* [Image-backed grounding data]
BEGIN

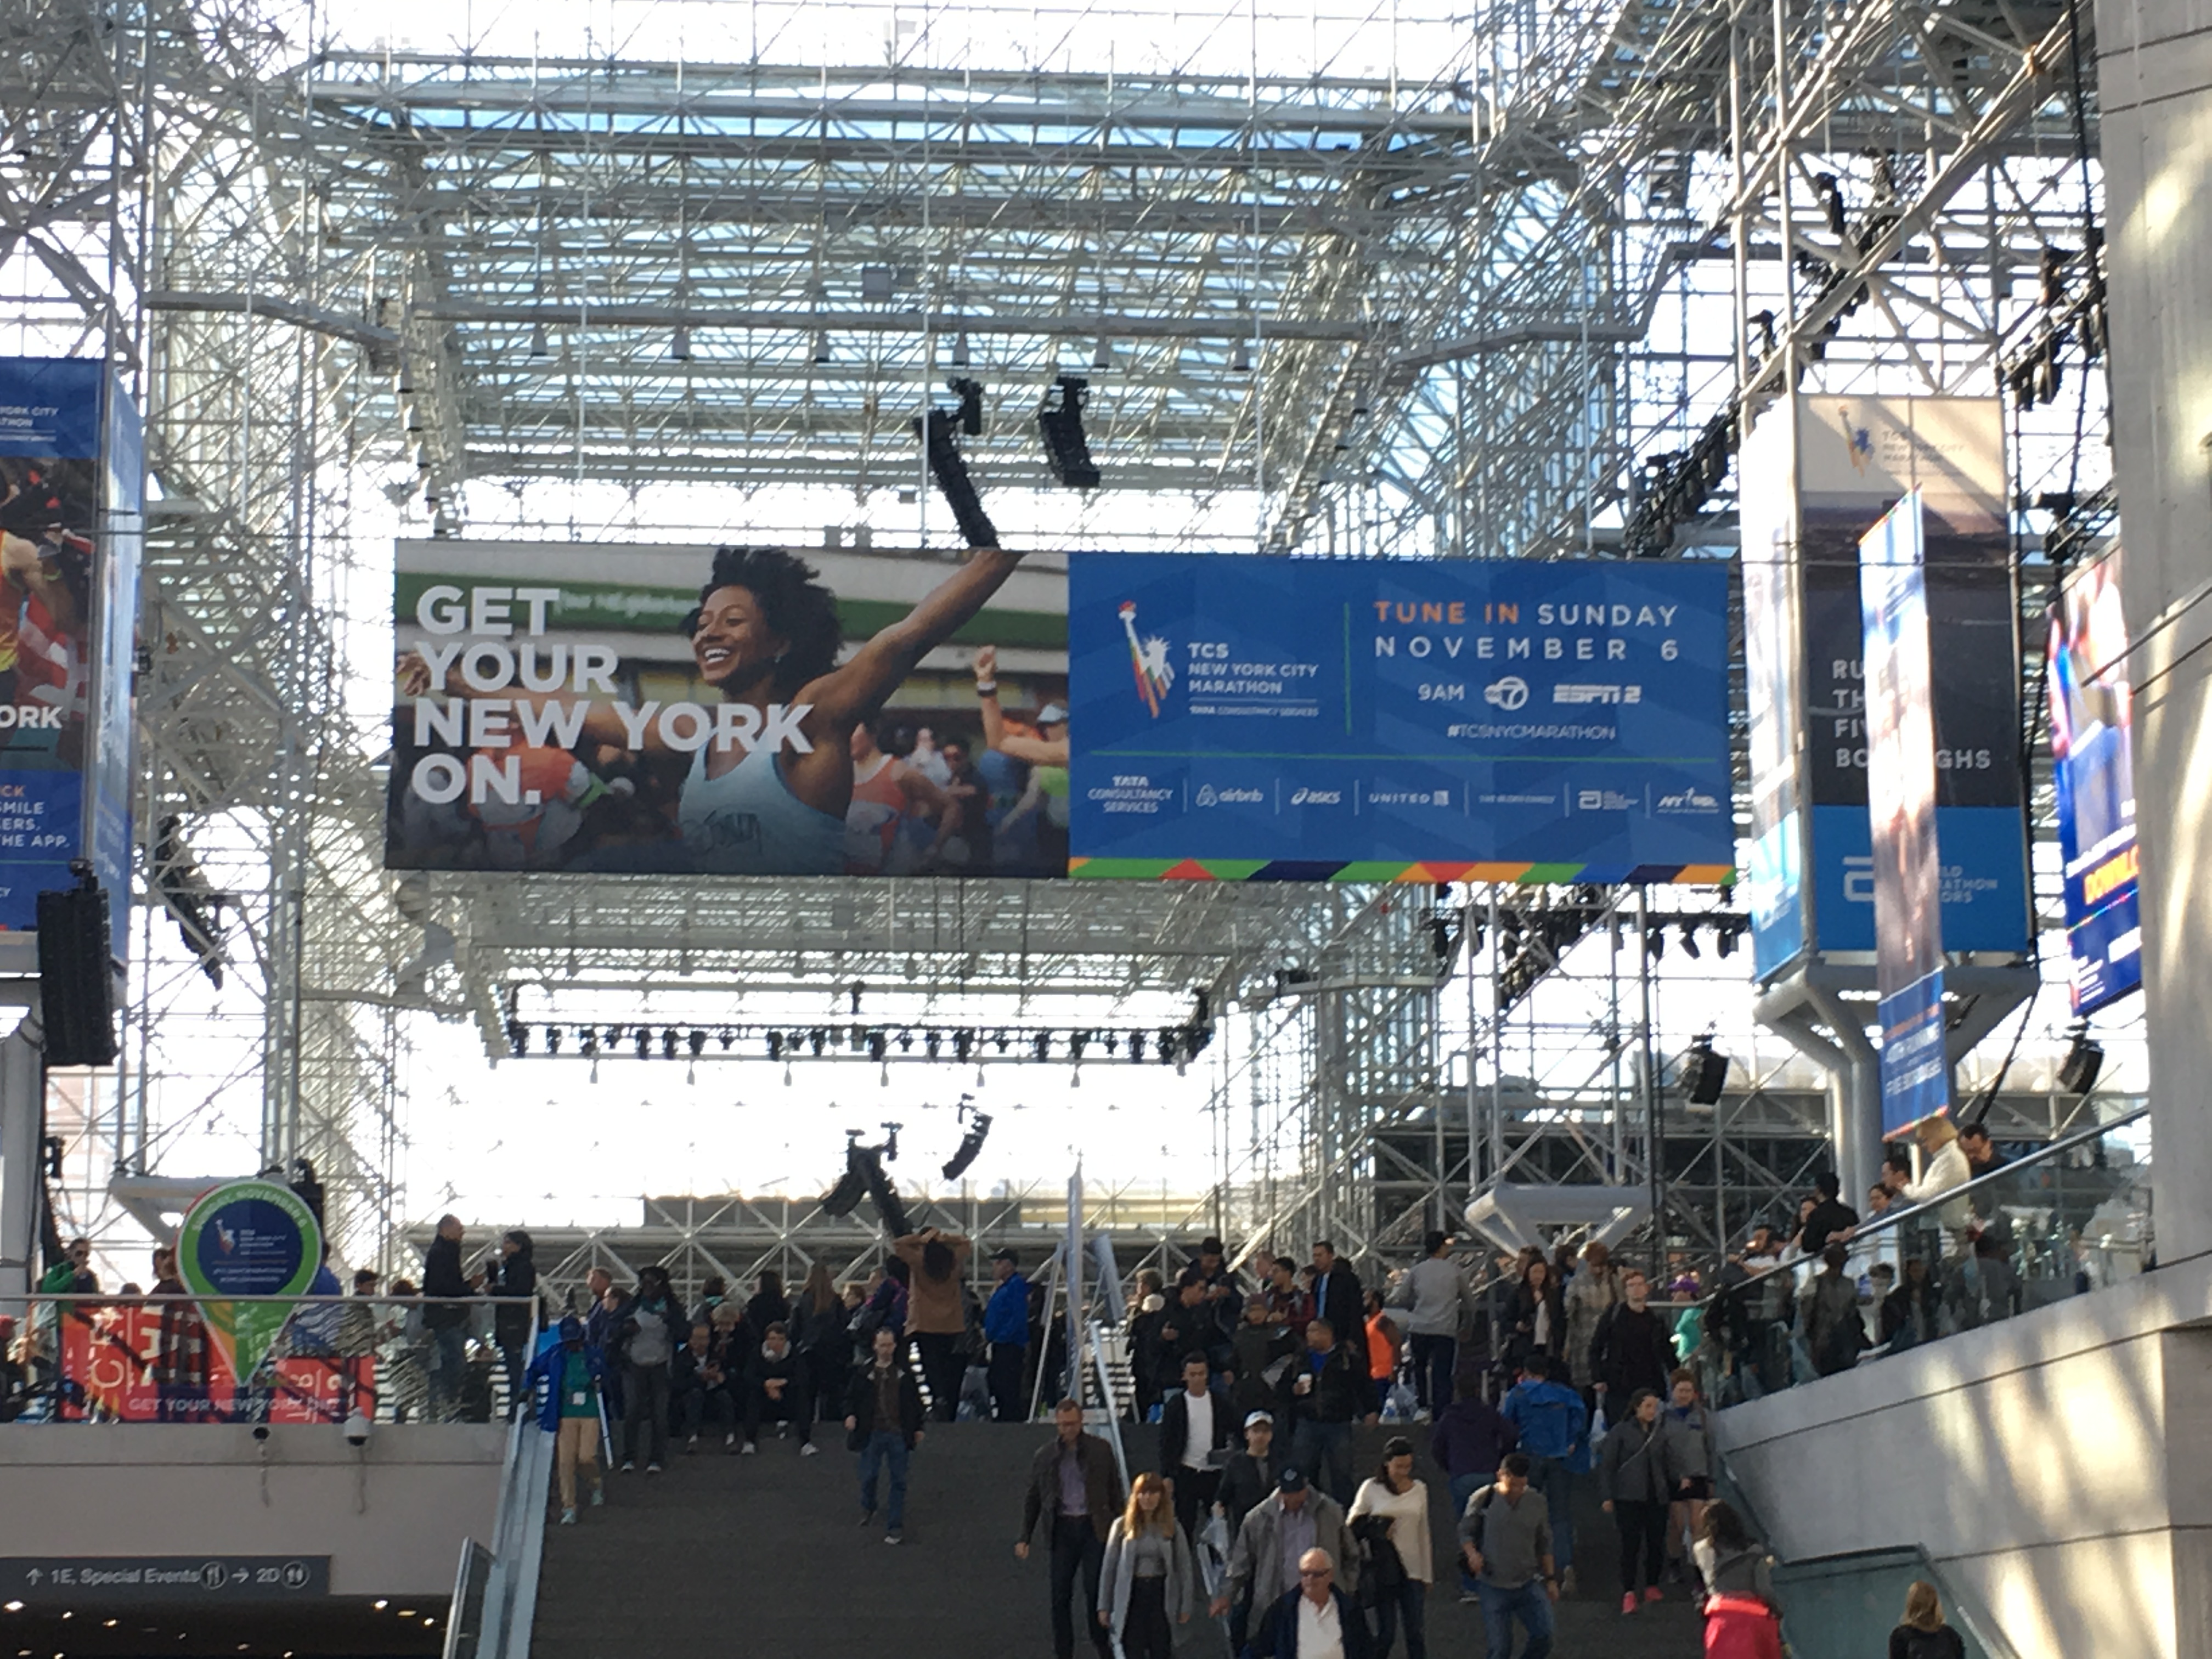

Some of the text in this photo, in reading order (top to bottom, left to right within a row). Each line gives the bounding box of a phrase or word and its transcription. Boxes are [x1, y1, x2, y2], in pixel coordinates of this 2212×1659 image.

[416, 585, 560, 636] GET
[1373, 601, 1678, 627] TUNE IN SUNDAY
[1187, 642, 1229, 659] TCS
[1375, 637, 1679, 661] NOVEMBER 6
[415, 641, 618, 693] YOUR
[1188, 663, 1319, 678] NEW YORK CITY
[1832, 659, 1865, 680] RU
[1188, 680, 1283, 694] MARATHON
[1418, 683, 1464, 702] 9AM
[1832, 689, 1865, 709] TH
[414, 698, 815, 753] NEW YORK
[1447, 724, 1616, 741] #TCSNYCMARATHON
[1835, 719, 1867, 739] FI
[1836, 748, 1991, 769] BOGHS
[411, 753, 541, 805] ON.
[1112, 776, 1149, 787] TATA
[0, 785, 26, 797] CK
[1087, 788, 1173, 801] CONSULTANCY
[1368, 792, 1431, 804] UNITED
[0, 802, 45, 815] MILE
[1103, 802, 1159, 814] SERVICES
[0, 817, 41, 831] ERS,
[129, 1397, 161, 1410] GET
[166, 1398, 210, 1412] YOUR
[51, 1567, 280, 1587] 1E, Special Events 2D

END

* [How to complete this task] Set every line of the records down again exactly, and exclude all pictures.

* [Solution for this exercise]
Some of the text in this photo, in reading order (top to bottom, left to right within a row). Each line gives the bounding box of a phrase or word and its transcription. Boxes are [x1, y1, x2, y2], in pixel coordinates of this 2212×1659 image.

[416, 585, 560, 636] GET
[1373, 601, 1678, 627] TUNE IN SUNDAY
[1187, 642, 1229, 659] TCS
[1375, 637, 1679, 661] NOVEMBER 6
[415, 641, 618, 693] YOUR
[1188, 663, 1319, 678] NEW YORK CITY
[1832, 659, 1865, 680] RU
[1188, 680, 1283, 694] MARATHON
[1418, 683, 1464, 702] 9AM
[1832, 689, 1865, 709] TH
[414, 698, 815, 753] NEW YORK
[1447, 724, 1616, 741] #TCSNYCMARATHON
[1835, 719, 1867, 739] FI
[1836, 748, 1991, 769] BOGHS
[411, 753, 541, 805] ON.
[1112, 776, 1149, 787] TATA
[0, 785, 26, 797] CK
[1087, 788, 1173, 801] CONSULTANCY
[1368, 792, 1431, 804] UNITED
[0, 802, 45, 815] MILE
[1103, 802, 1159, 814] SERVICES
[0, 817, 41, 831] ERS,
[129, 1397, 161, 1410] GET
[166, 1398, 210, 1412] YOUR
[51, 1567, 280, 1587] 1E, Special Events 2D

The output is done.